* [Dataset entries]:
#####

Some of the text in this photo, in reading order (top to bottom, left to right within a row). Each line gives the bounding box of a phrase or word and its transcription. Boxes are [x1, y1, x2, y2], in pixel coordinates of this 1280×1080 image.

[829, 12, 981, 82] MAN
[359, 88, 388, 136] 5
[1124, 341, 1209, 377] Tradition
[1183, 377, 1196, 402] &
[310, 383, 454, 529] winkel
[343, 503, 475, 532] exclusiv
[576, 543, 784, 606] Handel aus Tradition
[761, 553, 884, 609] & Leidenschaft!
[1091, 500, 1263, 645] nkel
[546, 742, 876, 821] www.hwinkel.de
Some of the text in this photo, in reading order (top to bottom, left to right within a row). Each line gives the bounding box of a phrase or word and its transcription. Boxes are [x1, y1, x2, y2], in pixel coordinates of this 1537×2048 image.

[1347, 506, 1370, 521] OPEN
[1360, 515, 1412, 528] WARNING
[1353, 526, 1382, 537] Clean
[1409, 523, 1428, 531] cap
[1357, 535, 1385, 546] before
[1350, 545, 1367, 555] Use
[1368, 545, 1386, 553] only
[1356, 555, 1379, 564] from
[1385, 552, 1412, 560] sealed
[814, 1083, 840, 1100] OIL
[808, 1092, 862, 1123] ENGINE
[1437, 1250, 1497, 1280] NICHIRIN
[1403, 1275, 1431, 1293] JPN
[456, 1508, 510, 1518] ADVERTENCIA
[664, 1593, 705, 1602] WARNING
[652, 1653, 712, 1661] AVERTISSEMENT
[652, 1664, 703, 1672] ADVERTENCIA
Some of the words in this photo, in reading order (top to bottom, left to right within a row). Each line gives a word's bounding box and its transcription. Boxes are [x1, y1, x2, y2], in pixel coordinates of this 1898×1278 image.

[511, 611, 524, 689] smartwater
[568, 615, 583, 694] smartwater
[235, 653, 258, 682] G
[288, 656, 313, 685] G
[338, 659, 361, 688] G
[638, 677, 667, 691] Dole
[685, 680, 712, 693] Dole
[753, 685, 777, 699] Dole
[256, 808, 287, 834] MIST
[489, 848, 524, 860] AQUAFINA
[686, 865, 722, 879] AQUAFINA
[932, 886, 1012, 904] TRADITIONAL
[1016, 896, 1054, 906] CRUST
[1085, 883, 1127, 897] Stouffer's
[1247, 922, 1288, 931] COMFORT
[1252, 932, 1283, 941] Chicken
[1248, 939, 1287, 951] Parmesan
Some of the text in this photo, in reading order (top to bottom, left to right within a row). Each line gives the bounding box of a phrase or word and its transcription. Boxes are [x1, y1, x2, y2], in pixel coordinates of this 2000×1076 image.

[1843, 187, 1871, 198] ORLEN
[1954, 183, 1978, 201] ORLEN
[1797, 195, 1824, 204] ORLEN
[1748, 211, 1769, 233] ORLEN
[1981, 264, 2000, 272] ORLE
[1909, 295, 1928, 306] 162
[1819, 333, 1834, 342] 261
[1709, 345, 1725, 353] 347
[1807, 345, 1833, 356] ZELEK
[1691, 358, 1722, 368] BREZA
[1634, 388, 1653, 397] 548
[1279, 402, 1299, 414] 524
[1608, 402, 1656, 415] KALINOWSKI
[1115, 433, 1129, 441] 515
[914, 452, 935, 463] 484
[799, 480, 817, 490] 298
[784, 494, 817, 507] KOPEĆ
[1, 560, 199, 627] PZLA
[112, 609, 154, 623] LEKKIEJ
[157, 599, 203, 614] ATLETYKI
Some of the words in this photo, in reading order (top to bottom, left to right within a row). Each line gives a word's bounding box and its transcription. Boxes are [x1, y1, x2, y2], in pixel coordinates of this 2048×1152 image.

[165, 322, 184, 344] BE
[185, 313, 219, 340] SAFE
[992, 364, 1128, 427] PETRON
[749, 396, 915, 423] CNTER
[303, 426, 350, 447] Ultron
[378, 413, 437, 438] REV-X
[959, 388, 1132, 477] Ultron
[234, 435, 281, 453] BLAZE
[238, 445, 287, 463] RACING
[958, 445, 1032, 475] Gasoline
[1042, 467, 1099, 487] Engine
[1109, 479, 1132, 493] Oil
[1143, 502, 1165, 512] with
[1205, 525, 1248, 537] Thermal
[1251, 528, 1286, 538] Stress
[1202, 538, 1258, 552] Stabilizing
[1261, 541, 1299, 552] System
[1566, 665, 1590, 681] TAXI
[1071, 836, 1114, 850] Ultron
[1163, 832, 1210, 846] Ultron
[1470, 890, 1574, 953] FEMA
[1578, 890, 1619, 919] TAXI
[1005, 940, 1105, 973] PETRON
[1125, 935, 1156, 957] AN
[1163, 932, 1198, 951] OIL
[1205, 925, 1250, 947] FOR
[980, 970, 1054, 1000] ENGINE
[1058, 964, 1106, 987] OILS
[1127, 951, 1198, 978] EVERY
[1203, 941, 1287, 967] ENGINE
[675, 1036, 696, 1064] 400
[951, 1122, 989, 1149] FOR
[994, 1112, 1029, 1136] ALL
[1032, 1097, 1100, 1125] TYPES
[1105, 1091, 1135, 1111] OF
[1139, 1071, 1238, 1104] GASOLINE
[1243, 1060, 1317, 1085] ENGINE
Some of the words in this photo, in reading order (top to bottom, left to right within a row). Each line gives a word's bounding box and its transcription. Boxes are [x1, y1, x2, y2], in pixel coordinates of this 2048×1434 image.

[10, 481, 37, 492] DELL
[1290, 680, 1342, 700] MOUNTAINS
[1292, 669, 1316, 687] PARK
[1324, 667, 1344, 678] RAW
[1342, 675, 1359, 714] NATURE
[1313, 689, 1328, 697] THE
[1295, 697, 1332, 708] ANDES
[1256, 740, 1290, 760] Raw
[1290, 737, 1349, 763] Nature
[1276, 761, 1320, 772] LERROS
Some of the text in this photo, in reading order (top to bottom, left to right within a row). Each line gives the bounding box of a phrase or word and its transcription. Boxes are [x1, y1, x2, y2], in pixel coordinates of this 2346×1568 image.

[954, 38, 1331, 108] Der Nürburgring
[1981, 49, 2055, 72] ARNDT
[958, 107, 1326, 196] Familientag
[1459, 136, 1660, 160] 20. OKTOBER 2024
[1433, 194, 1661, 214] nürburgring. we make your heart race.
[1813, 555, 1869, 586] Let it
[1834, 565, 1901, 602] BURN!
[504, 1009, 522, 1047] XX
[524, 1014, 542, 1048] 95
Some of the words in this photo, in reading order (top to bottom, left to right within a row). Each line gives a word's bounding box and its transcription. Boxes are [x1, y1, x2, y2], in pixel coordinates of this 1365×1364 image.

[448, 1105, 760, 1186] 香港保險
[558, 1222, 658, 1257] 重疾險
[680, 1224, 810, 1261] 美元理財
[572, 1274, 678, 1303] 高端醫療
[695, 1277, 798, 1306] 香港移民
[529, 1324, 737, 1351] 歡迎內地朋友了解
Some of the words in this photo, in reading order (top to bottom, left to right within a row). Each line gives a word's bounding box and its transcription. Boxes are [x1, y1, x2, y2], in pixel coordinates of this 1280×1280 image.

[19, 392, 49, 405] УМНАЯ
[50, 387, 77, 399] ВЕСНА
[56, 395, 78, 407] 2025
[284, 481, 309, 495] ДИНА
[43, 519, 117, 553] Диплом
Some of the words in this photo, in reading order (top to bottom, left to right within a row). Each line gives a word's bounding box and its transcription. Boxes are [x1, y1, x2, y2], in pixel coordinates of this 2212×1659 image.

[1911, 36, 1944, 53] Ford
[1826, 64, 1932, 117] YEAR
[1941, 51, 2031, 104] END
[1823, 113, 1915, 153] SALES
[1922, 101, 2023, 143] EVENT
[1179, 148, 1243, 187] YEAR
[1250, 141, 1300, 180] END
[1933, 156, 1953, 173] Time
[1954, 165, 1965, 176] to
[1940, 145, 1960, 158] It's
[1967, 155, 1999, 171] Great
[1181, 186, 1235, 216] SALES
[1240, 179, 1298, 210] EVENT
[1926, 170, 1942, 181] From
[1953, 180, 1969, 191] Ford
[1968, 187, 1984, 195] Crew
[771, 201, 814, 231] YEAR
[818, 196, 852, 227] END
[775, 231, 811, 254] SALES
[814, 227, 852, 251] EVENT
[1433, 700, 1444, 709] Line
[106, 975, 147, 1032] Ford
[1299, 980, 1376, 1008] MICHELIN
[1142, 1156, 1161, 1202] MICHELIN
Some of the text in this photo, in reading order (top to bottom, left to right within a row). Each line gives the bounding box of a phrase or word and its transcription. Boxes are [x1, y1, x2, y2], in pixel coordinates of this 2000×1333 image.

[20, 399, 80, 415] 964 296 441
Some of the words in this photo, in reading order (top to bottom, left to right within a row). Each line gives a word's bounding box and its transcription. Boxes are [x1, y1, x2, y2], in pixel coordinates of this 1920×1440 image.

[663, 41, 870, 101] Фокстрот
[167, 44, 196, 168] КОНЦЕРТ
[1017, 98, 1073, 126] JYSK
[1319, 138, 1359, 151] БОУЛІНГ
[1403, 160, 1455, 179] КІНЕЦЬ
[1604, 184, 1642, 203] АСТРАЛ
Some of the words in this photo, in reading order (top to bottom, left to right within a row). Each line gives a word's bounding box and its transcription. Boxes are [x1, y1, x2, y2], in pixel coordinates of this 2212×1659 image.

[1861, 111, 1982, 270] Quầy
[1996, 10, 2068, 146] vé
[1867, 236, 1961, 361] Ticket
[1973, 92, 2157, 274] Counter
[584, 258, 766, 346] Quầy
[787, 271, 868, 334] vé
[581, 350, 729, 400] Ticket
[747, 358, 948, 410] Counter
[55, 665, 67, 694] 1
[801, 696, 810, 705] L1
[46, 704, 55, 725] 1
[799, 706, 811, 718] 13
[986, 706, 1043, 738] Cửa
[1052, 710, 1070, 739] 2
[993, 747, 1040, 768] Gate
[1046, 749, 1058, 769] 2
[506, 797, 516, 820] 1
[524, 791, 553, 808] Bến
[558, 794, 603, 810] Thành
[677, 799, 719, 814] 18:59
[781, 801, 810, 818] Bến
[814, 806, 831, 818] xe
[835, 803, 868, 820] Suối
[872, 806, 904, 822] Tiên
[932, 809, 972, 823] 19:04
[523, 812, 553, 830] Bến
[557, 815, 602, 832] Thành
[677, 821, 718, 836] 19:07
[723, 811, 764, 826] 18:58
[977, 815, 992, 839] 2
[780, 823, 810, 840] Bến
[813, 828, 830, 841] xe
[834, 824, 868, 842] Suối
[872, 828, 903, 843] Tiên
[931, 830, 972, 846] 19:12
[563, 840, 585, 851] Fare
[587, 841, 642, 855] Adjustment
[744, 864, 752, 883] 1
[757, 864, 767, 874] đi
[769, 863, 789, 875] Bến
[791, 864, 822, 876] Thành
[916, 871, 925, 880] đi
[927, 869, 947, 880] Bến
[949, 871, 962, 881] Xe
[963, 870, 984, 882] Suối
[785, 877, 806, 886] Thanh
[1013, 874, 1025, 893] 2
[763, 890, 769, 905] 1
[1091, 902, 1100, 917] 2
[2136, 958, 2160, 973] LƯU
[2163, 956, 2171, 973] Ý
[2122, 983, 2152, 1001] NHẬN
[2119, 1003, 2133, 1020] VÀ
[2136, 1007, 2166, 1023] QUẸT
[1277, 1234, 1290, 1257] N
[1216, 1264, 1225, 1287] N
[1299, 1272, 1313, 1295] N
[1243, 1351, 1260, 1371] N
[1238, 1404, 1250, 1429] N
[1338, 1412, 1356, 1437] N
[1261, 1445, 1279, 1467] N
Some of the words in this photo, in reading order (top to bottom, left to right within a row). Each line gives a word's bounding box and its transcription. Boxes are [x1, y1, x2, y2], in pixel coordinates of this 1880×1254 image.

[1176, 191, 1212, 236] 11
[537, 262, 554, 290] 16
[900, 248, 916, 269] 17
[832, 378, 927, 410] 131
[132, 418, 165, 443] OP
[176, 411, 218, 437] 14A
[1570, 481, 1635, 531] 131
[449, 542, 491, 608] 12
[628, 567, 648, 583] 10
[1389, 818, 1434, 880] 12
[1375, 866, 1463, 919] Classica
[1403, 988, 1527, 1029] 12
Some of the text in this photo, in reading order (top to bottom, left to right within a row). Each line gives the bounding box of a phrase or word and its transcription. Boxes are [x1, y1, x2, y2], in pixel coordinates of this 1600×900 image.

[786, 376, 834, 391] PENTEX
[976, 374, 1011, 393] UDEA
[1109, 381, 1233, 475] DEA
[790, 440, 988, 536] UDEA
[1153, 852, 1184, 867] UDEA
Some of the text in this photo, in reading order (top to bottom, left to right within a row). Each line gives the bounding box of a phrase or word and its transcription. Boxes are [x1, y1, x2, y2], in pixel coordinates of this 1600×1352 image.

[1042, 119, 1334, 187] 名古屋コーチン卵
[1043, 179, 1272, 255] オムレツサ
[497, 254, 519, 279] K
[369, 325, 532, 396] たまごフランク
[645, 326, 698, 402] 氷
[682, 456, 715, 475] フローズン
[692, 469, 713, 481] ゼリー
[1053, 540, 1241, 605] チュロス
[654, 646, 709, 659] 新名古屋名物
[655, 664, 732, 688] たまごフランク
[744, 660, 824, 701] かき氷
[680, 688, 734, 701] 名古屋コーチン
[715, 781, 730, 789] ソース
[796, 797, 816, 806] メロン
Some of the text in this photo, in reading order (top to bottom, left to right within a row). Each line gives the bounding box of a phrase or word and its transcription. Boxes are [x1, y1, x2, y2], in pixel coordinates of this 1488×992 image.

#####

* [GOAL OF THE EXERCISE]:
Which lines run from the one containing "this 1600×1352 image." to the end of the records? Transcribe exactly those, both ends included.

* [RESPONSE]:
Some of the text in this photo, in reading order (top to bottom, left to right within a row). Each line gives the bounding box of a phrase or word and its transcription. Boxes are [x1, y1, x2, y2], in pixel coordinates of this 1600×1352 image.

[1042, 119, 1334, 187] 名古屋コーチン卵
[1043, 179, 1272, 255] オムレツサ
[497, 254, 519, 279] K
[369, 325, 532, 396] たまごフランク
[645, 326, 698, 402] 氷
[682, 456, 715, 475] フローズン
[692, 469, 713, 481] ゼリー
[1053, 540, 1241, 605] チュロス
[654, 646, 709, 659] 新名古屋名物
[655, 664, 732, 688] たまごフランク
[744, 660, 824, 701] かき氷
[680, 688, 734, 701] 名古屋コーチン
[715, 781, 730, 789] ソース
[796, 797, 816, 806] メロン
Some of the text in this photo, in reading order (top to bottom, left to right within a row). Each line gives the bounding box of a phrase or word and its transcription. Boxes are [x1, y1, x2, y2], in pixel coordinates of this 1488×992 image.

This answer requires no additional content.